WHAT IS NEEDED
Write out the records below once more, exactly as they stand.

(Data entries)
────────────────

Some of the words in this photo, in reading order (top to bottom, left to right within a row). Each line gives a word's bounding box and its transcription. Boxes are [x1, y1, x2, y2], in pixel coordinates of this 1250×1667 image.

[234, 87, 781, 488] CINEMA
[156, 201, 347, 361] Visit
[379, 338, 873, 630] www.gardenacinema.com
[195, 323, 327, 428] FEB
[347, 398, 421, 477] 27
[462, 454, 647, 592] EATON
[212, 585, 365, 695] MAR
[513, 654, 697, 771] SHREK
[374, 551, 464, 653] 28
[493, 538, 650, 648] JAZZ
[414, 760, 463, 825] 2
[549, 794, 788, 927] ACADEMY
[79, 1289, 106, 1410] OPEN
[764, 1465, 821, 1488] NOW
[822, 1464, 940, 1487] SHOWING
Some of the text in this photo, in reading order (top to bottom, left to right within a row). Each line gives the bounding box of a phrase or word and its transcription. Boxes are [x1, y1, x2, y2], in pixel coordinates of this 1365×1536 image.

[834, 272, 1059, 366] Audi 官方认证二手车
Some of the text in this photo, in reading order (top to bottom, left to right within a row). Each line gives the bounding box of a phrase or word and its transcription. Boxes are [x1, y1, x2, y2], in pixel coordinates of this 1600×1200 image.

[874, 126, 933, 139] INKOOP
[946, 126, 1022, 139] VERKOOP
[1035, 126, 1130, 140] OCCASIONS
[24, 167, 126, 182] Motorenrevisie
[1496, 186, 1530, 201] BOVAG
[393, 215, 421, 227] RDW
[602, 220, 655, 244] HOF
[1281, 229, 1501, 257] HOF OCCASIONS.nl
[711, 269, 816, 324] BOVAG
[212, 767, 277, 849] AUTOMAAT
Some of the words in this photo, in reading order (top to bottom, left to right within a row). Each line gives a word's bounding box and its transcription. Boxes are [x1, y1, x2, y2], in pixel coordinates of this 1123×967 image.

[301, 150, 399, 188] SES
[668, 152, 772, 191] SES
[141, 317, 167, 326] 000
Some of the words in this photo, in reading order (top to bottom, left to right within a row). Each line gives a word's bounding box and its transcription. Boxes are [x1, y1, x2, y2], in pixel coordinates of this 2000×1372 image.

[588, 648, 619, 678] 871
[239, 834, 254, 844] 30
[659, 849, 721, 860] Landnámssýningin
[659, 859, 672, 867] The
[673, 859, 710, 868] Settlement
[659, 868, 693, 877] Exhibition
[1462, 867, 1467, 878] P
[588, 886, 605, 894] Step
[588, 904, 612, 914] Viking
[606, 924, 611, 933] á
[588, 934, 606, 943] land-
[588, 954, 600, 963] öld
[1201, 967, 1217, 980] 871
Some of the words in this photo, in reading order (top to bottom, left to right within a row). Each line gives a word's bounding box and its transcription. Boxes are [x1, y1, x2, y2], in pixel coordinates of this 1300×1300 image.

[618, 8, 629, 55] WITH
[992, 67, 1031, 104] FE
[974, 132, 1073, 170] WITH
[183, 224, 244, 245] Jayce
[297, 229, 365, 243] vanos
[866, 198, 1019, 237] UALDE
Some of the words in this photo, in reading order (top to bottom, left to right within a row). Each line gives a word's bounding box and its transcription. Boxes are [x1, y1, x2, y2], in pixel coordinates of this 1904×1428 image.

────────────────

SOLVED EXERCISE
Some of the words in this photo, in reading order (top to bottom, left to right within a row). Each line gives a word's bounding box and its transcription. Boxes are [x1, y1, x2, y2], in pixel coordinates of this 1250×1667 image.

[234, 87, 781, 488] CINEMA
[156, 201, 347, 361] Visit
[379, 338, 873, 630] www.gardenacinema.com
[195, 323, 327, 428] FEB
[347, 398, 421, 477] 27
[462, 454, 647, 592] EATON
[212, 585, 365, 695] MAR
[513, 654, 697, 771] SHREK
[374, 551, 464, 653] 28
[493, 538, 650, 648] JAZZ
[414, 760, 463, 825] 2
[549, 794, 788, 927] ACADEMY
[79, 1289, 106, 1410] OPEN
[764, 1465, 821, 1488] NOW
[822, 1464, 940, 1487] SHOWING
Some of the text in this photo, in reading order (top to bottom, left to right within a row). Each line gives the bounding box of a phrase or word and its transcription. Boxes are [x1, y1, x2, y2], in pixel coordinates of this 1365×1536 image.

[834, 272, 1059, 366] Audi 官方认证二手车
Some of the text in this photo, in reading order (top to bottom, left to right within a row). Each line gives the bounding box of a phrase or word and its transcription. Boxes are [x1, y1, x2, y2], in pixel coordinates of this 1600×1200 image.

[874, 126, 933, 139] INKOOP
[946, 126, 1022, 139] VERKOOP
[1035, 126, 1130, 140] OCCASIONS
[24, 167, 126, 182] Motorenrevisie
[1496, 186, 1530, 201] BOVAG
[393, 215, 421, 227] RDW
[602, 220, 655, 244] HOF
[1281, 229, 1501, 257] HOF OCCASIONS.nl
[711, 269, 816, 324] BOVAG
[212, 767, 277, 849] AUTOMAAT
Some of the words in this photo, in reading order (top to bottom, left to right within a row). Each line gives a word's bounding box and its transcription. Boxes are [x1, y1, x2, y2], in pixel coordinates of this 1123×967 image.

[301, 150, 399, 188] SES
[668, 152, 772, 191] SES
[141, 317, 167, 326] 000
Some of the words in this photo, in reading order (top to bottom, left to right within a row). Each line gives a word's bounding box and its transcription. Boxes are [x1, y1, x2, y2], in pixel coordinates of this 2000×1372 image.

[588, 648, 619, 678] 871
[239, 834, 254, 844] 30
[659, 849, 721, 860] Landnámssýningin
[659, 859, 672, 867] The
[673, 859, 710, 868] Settlement
[659, 868, 693, 877] Exhibition
[1462, 867, 1467, 878] P
[588, 886, 605, 894] Step
[588, 904, 612, 914] Viking
[606, 924, 611, 933] á
[588, 934, 606, 943] land-
[588, 954, 600, 963] öld
[1201, 967, 1217, 980] 871
Some of the words in this photo, in reading order (top to bottom, left to right within a row). Each line gives a word's bounding box and its transcription. Boxes are [x1, y1, x2, y2], in pixel coordinates of this 1300×1300 image.

[618, 8, 629, 55] WITH
[992, 67, 1031, 104] FE
[974, 132, 1073, 170] WITH
[183, 224, 244, 245] Jayce
[297, 229, 365, 243] vanos
[866, 198, 1019, 237] UALDE
Some of the words in this photo, in reading order (top to bottom, left to right within a row). Each line gives a word's bounding box and its transcription. Boxes are [x1, y1, x2, y2], in pixel coordinates of this 1904×1428 image.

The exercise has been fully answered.